Best rundown of the Canadian covid app I have seen so far. A couple of comments re privacy, equity and effectiveness. https://twitter.com/mgeist/status/1289998824304386048
Privacy. Installing the app has the same privacy implications as just having wifi or Bluetooth turned on and not having the app installed. People can’t learn anything about you from the app’s random identifiers that they can’t learn from your wifi or Bluetooth MAC address.
Unless you walk around with Bluetooth and wifi turned off, there is no privacy penalty when installing the app.
This changes slightly if you test positive and choose to share your random identifiers. In theory, and with a lot of foresight and effort, someone could have installed a tracker beacon, caught you in it, managed to tie your identity to the identifiers and deduce you had Covid.

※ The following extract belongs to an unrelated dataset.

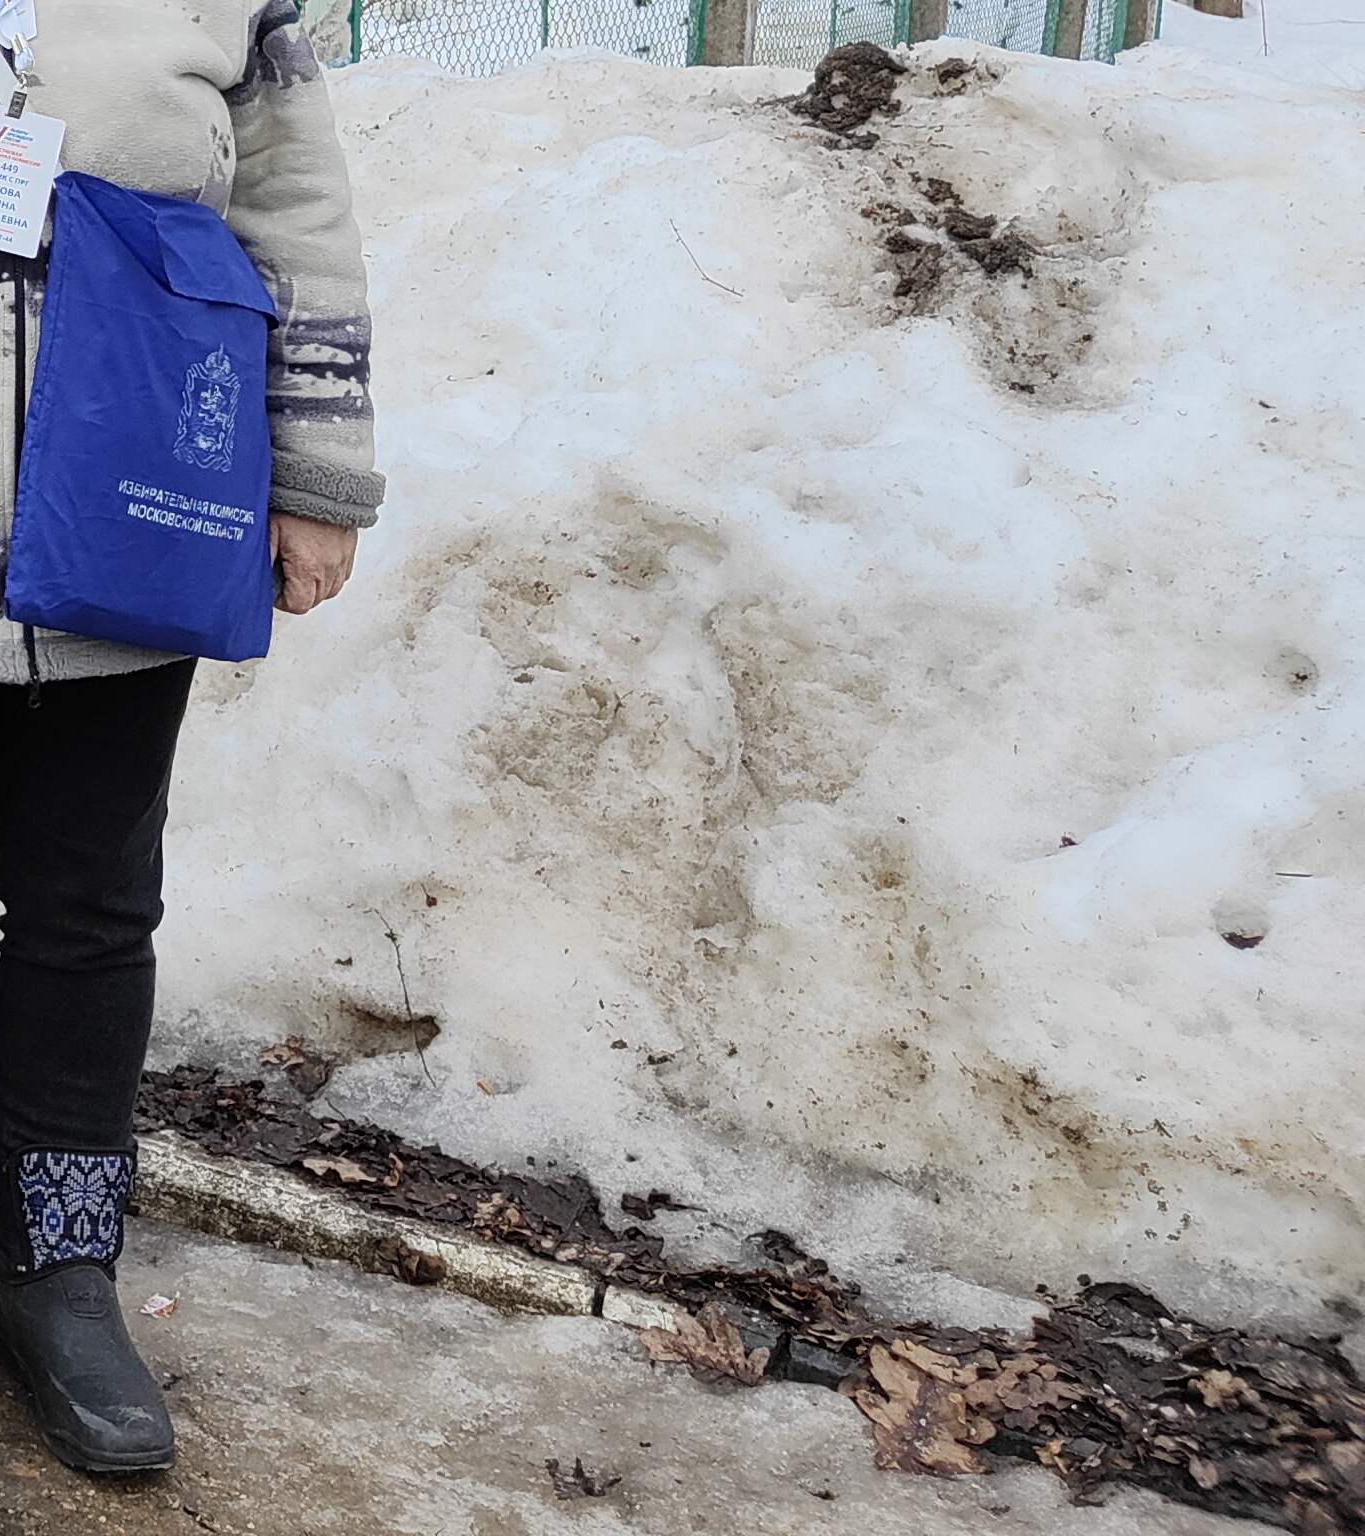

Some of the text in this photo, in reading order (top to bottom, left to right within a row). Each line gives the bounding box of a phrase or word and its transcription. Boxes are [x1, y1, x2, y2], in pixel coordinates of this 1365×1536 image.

[0, 163, 19, 174] 449
[118, 479, 255, 525] ИЗБИРАТЕЛЬНАЯ КОМИССИЯ
[127, 502, 244, 542] МОСКОВСКОЙ ОБЛАСТИ

This requires an enormous amount of effort resulting in a fairly small information gain (that you had Covid) which very likely could have been gotten through other means much easier. On the upside, uploading your random identifiers can help stop transmission chains.
I’d rate the privacy risk as very low and will happily upload my random identifiers in the event I test positive, knowing that this will protect people down the transmission chain.
There are equity concerns around the app only being l accessible to people with smartphones, and only those with compatible OS. That’s part of the reason why an app like this is only one of many tools on the fight.
And it’s another reason why everyone that can install the app should install it. The app doesn’t protect users from getting Covid-19, it helps protect them from spreading it by alerting people early of possible exposure so that they can self-isolate and stop the chain.
The app does not protect users, it protects their potential contacts. Which still leaves people in economically disadvantages communities more vulnerable, but not using the app if you could only worsens that.
Which brings us to the last point, effectiveness. Studies have shown that, when used in conjunction with traditional contact tracing as we are doing in Canada, these kind of apps start to become helpful when about 16% of the population has it installed.
In other words, the more people install it (and share their random identifiers if they test positive), the more effective the app becomes. So please consider installing it. (And of course we also need provinces other than Ontario to get on board too.)